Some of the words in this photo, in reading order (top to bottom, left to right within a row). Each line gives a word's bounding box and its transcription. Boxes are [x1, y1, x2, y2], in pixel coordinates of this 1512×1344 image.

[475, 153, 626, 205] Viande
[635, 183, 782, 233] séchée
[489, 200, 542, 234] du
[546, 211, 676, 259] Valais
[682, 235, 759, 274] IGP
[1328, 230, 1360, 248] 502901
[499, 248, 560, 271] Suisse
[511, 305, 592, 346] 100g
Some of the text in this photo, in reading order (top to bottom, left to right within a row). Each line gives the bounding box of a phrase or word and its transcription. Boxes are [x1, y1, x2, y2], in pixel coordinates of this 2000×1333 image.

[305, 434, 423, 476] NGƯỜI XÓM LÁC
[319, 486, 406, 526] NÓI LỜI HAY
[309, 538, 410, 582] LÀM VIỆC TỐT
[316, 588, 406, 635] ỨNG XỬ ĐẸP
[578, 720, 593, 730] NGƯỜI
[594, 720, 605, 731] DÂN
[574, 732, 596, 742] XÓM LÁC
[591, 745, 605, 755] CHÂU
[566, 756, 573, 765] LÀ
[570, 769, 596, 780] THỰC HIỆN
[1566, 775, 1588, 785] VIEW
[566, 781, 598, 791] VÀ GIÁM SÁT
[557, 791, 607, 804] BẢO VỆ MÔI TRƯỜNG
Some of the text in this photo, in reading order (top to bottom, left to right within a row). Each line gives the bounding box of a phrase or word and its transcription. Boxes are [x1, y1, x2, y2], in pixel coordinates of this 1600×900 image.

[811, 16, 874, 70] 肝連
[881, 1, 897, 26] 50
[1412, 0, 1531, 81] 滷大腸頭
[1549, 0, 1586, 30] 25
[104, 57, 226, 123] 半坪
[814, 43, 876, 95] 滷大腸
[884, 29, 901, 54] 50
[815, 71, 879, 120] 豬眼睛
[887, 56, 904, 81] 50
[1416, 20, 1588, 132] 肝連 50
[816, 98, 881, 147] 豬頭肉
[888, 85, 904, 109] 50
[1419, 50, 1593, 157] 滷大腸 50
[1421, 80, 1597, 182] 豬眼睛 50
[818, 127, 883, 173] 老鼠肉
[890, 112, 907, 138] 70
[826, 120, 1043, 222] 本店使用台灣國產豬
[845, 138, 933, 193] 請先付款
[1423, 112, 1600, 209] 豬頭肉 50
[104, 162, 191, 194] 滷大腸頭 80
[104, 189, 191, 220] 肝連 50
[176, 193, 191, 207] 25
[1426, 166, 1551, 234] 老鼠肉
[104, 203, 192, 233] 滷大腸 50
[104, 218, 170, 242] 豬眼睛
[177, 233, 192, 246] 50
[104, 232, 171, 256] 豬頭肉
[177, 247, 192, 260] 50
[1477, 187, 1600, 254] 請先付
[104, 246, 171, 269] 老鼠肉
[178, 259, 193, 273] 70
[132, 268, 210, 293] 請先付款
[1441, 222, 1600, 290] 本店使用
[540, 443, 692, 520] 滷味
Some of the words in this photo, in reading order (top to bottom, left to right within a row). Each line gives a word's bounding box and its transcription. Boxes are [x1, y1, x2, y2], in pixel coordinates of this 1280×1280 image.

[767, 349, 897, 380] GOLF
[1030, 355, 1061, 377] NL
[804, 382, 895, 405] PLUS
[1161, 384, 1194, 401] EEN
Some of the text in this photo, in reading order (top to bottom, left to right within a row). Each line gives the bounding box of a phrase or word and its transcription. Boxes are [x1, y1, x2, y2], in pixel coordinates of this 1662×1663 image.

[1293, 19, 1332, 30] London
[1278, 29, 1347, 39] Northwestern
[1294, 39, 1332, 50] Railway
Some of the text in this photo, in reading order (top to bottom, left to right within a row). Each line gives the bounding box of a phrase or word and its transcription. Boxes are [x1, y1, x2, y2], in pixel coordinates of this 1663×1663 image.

Problem to solve: Please retype every entry above exactly as it stands.

Solution to this problem:
Some of the words in this photo, in reading order (top to bottom, left to right within a row). Each line gives a word's bounding box and its transcription. Boxes are [x1, y1, x2, y2], in pixel coordinates of this 1512×1344 image.

[475, 153, 626, 205] Viande
[635, 183, 782, 233] séchée
[489, 200, 542, 234] du
[546, 211, 676, 259] Valais
[682, 235, 759, 274] IGP
[1328, 230, 1360, 248] 502901
[499, 248, 560, 271] Suisse
[511, 305, 592, 346] 100g
Some of the text in this photo, in reading order (top to bottom, left to right within a row). Each line gives the bounding box of a phrase or word and its transcription. Boxes are [x1, y1, x2, y2], in pixel coordinates of this 2000×1333 image.

[305, 434, 423, 476] NGƯỜI XÓM LÁC
[319, 486, 406, 526] NÓI LỜI HAY
[309, 538, 410, 582] LÀM VIỆC TỐT
[316, 588, 406, 635] ỨNG XỬ ĐẸP
[578, 720, 593, 730] NGƯỜI
[594, 720, 605, 731] DÂN
[574, 732, 596, 742] XÓM LÁC
[591, 745, 605, 755] CHÂU
[566, 756, 573, 765] LÀ
[570, 769, 596, 780] THỰC HIỆN
[1566, 775, 1588, 785] VIEW
[566, 781, 598, 791] VÀ GIÁM SÁT
[557, 791, 607, 804] BẢO VỆ MÔI TRƯỜNG
Some of the text in this photo, in reading order (top to bottom, left to right within a row). Each line gives the bounding box of a phrase or word and its transcription. Boxes are [x1, y1, x2, y2], in pixel coordinates of this 1600×900 image.

[811, 16, 874, 70] 肝連
[881, 1, 897, 26] 50
[1412, 0, 1531, 81] 滷大腸頭
[1549, 0, 1586, 30] 25
[104, 57, 226, 123] 半坪
[814, 43, 876, 95] 滷大腸
[884, 29, 901, 54] 50
[815, 71, 879, 120] 豬眼睛
[887, 56, 904, 81] 50
[1416, 20, 1588, 132] 肝連 50
[816, 98, 881, 147] 豬頭肉
[888, 85, 904, 109] 50
[1419, 50, 1593, 157] 滷大腸 50
[1421, 80, 1597, 182] 豬眼睛 50
[818, 127, 883, 173] 老鼠肉
[890, 112, 907, 138] 70
[826, 120, 1043, 222] 本店使用台灣國產豬
[845, 138, 933, 193] 請先付款
[1423, 112, 1600, 209] 豬頭肉 50
[104, 162, 191, 194] 滷大腸頭 80
[104, 189, 191, 220] 肝連 50
[176, 193, 191, 207] 25
[1426, 166, 1551, 234] 老鼠肉
[104, 203, 192, 233] 滷大腸 50
[104, 218, 170, 242] 豬眼睛
[177, 233, 192, 246] 50
[104, 232, 171, 256] 豬頭肉
[177, 247, 192, 260] 50
[1477, 187, 1600, 254] 請先付
[104, 246, 171, 269] 老鼠肉
[178, 259, 193, 273] 70
[132, 268, 210, 293] 請先付款
[1441, 222, 1600, 290] 本店使用
[540, 443, 692, 520] 滷味
Some of the words in this photo, in reading order (top to bottom, left to right within a row). Each line gives a word's bounding box and its transcription. Boxes are [x1, y1, x2, y2], in pixel coordinates of this 1280×1280 image.

[767, 349, 897, 380] GOLF
[1030, 355, 1061, 377] NL
[804, 382, 895, 405] PLUS
[1161, 384, 1194, 401] EEN
Some of the text in this photo, in reading order (top to bottom, left to right within a row). Each line gives the bounding box of a phrase or word and its transcription. Boxes are [x1, y1, x2, y2], in pixel coordinates of this 1662×1663 image.

[1293, 19, 1332, 30] London
[1278, 29, 1347, 39] Northwestern
[1294, 39, 1332, 50] Railway
Some of the text in this photo, in reading order (top to bottom, left to right within a row). Each line gives the bounding box of a phrase or word and its transcription. Boxes are [x1, y1, x2, y2], in pixel coordinates of this 1663×1663 image.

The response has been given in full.